_Exercise:_ Skip all lines in the entries below that come before the one containing "this 1280×1707 image.". Repeat that line and the rest exactly.

_Data section:_
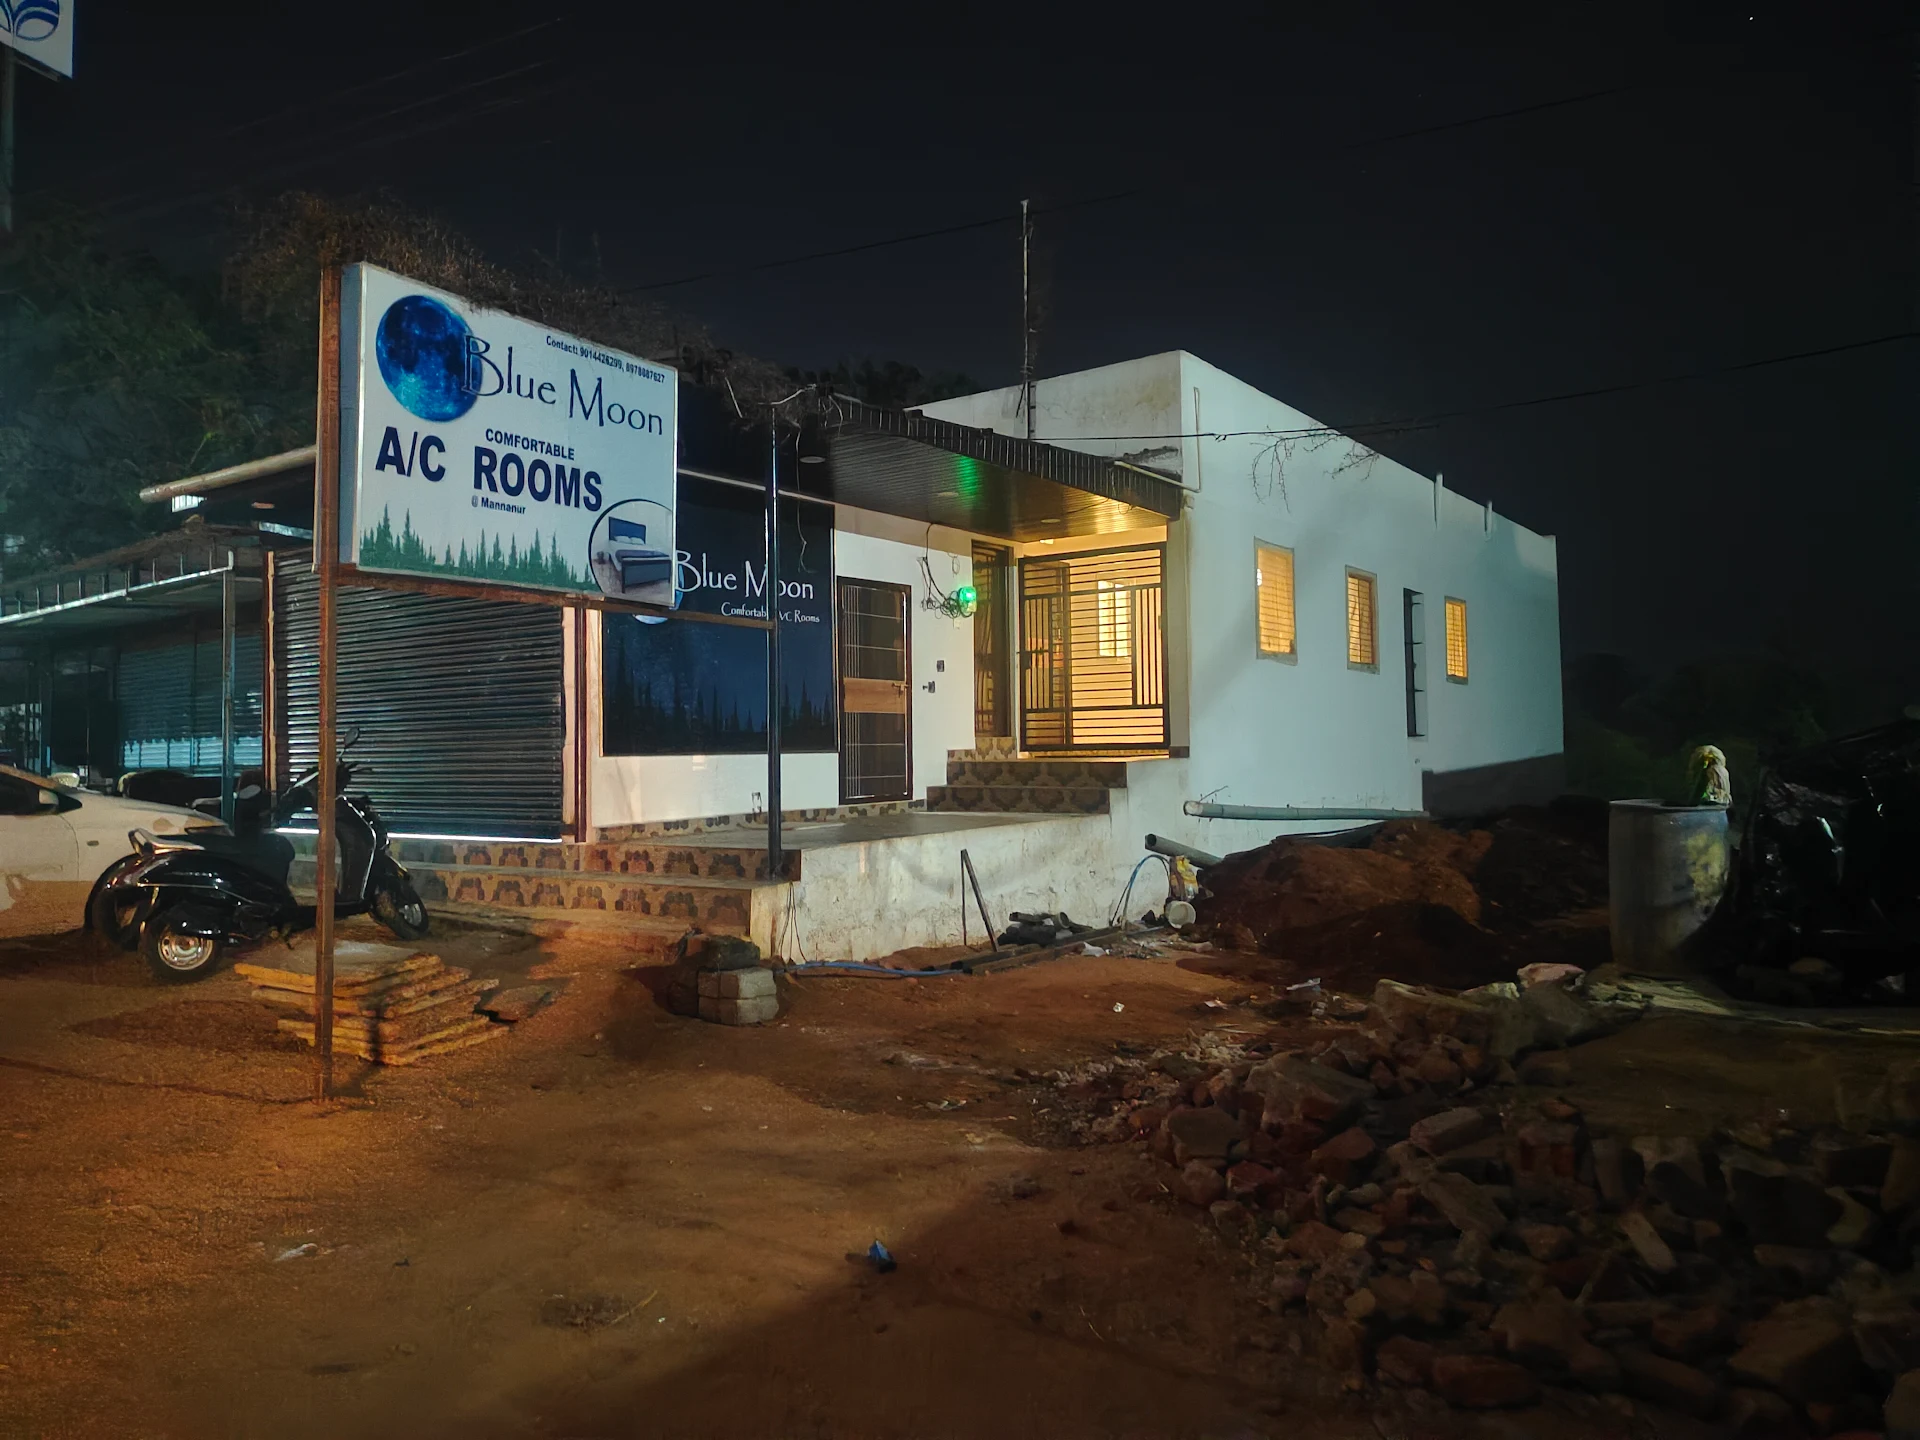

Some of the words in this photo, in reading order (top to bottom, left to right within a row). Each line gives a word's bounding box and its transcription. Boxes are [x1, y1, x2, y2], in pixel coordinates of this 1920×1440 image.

[461, 335, 557, 404] Blue
[569, 368, 663, 435] Moon
[485, 428, 575, 461] COMFORTABLE
[375, 426, 447, 482] A/C
[473, 446, 602, 512] ROOMS
[481, 497, 526, 514] Mannanur
[676, 550, 738, 592] Blue
[794, 609, 820, 623] Rooms
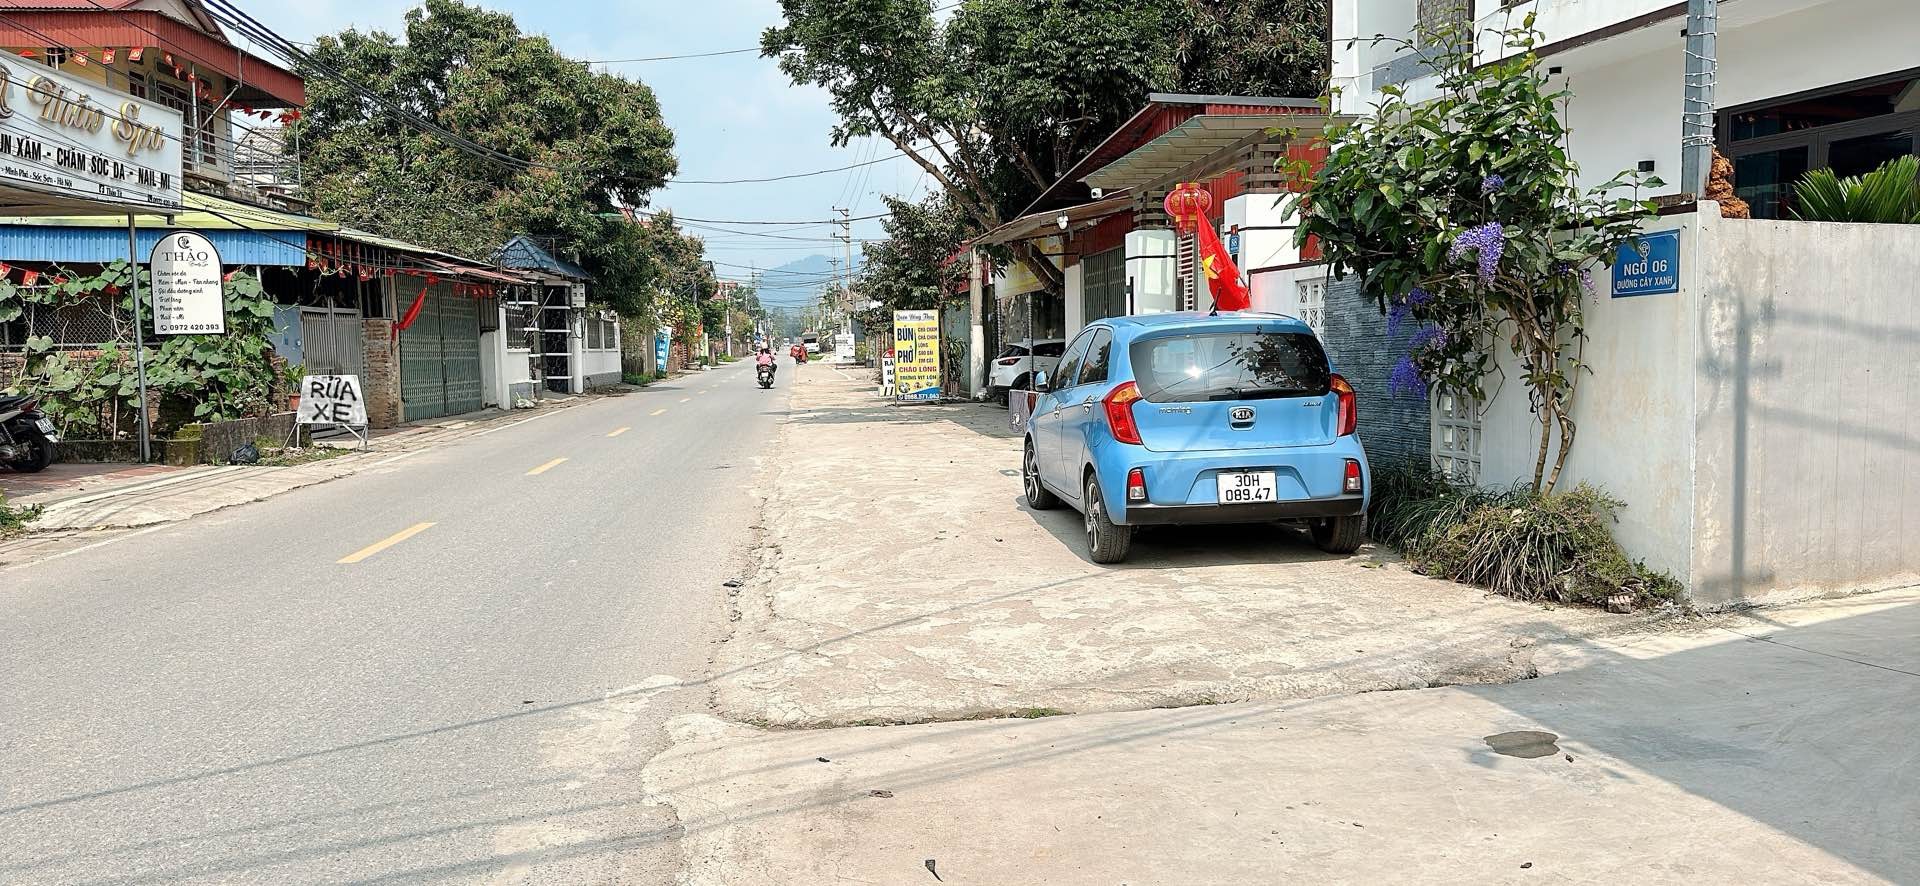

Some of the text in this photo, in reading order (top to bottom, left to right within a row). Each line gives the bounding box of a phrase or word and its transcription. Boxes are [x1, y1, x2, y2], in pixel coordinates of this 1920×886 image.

[16, 136, 42, 161] XĂM
[56, 147, 86, 171] CHĂM
[90, 153, 109, 176] SÓC
[113, 161, 125, 180] DA
[138, 167, 157, 187] NAIL
[160, 172, 171, 190] MI
[162, 249, 208, 261] THẢO
[1623, 259, 1668, 276] NGÕ 06
[1616, 275, 1673, 290] ĐƯỜNG CÂY XANH
[897, 325, 914, 342] BÚN
[897, 345, 914, 364] PHỞ
[312, 402, 352, 422] XE
[1159, 406, 1192, 415] morning
[1234, 409, 1252, 419] KIA
[1234, 474, 1260, 487] 30H
[1225, 487, 1271, 501] 089.47
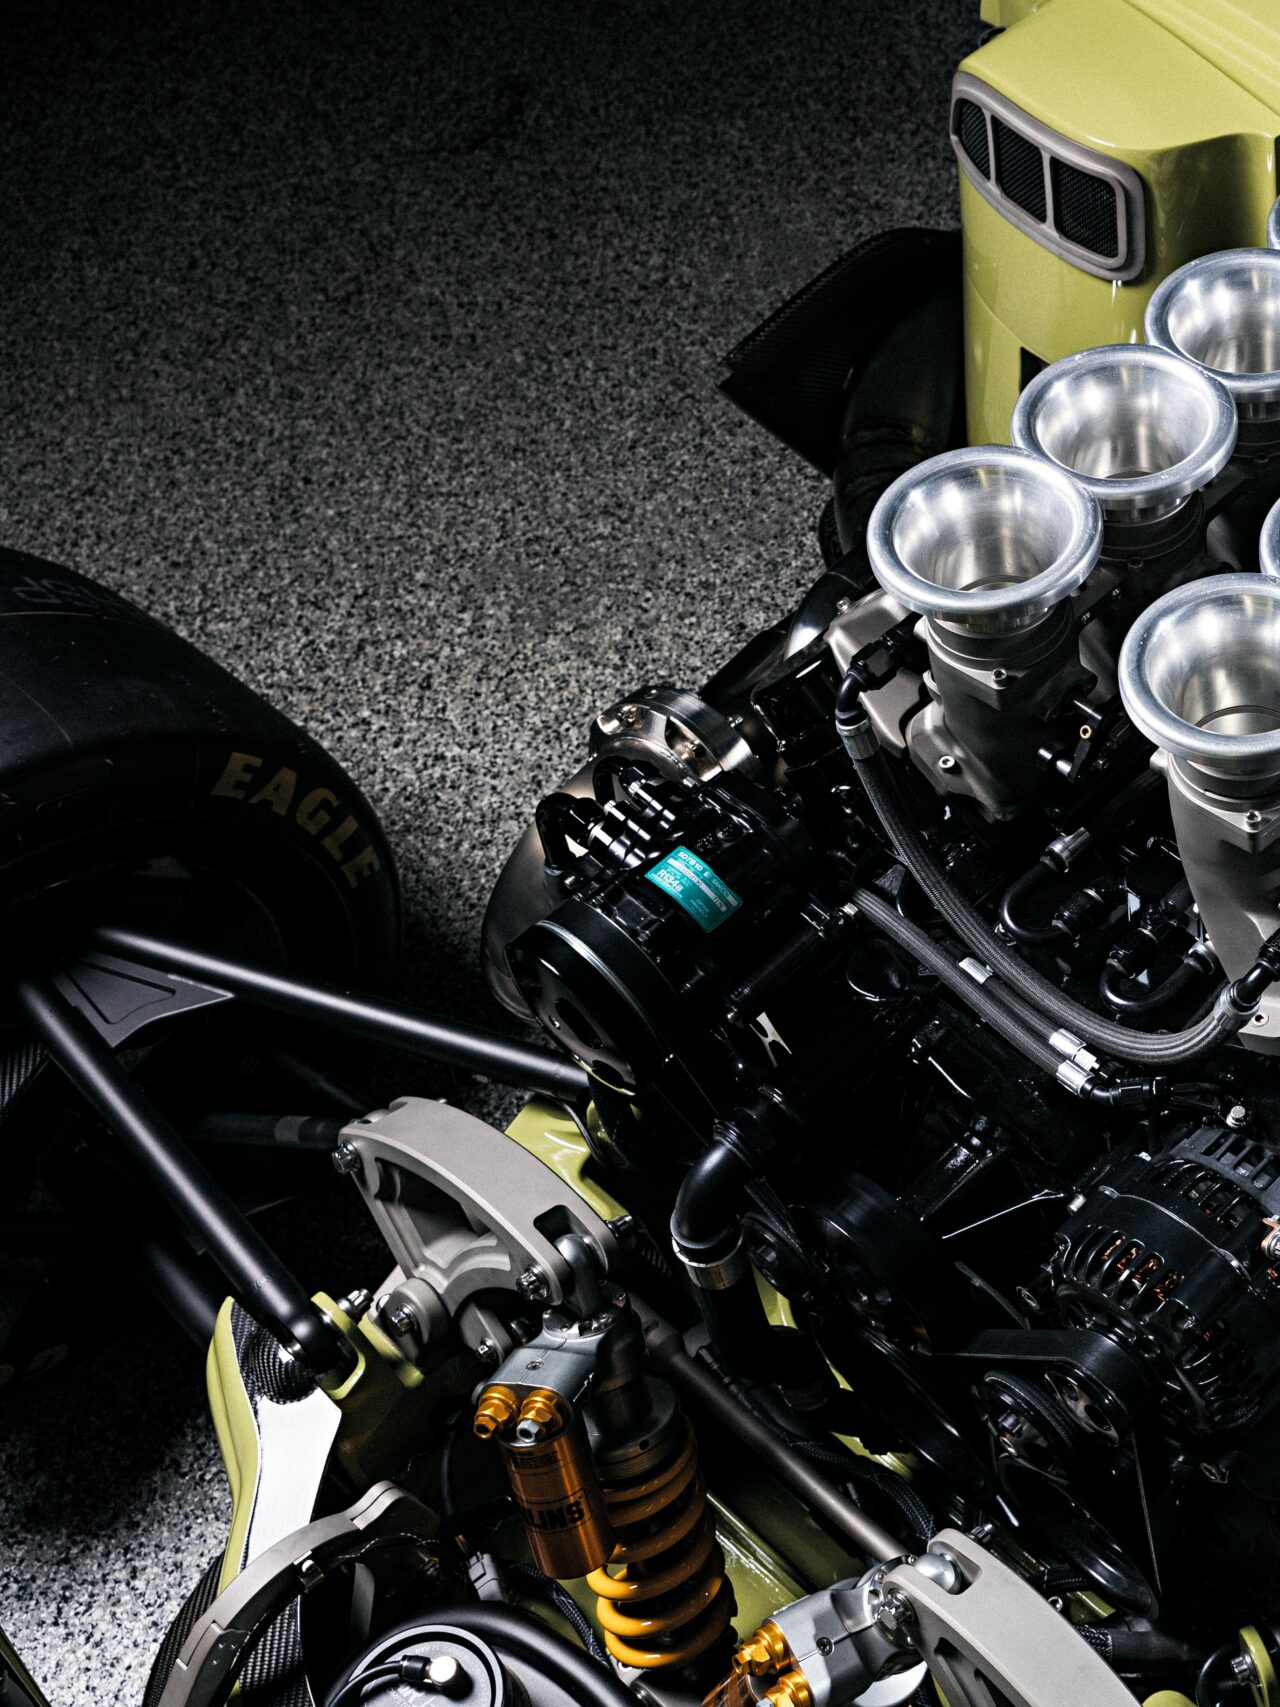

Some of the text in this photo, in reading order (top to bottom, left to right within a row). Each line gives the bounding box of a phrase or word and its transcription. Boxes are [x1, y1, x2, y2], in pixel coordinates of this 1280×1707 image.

[209, 752, 382, 888] EAGLE
[656, 869, 684, 892] R134a
[526, 1500, 585, 1531] LINS

_Task solution:_
Some of the text in this photo, in reading order (top to bottom, left to right within a row). Each line gives the bounding box of a phrase or word and its transcription. Boxes are [x1, y1, x2, y2], in pixel coordinates of this 1280×1707 image.

[209, 752, 382, 888] EAGLE
[656, 869, 684, 892] R134a
[526, 1500, 585, 1531] LINS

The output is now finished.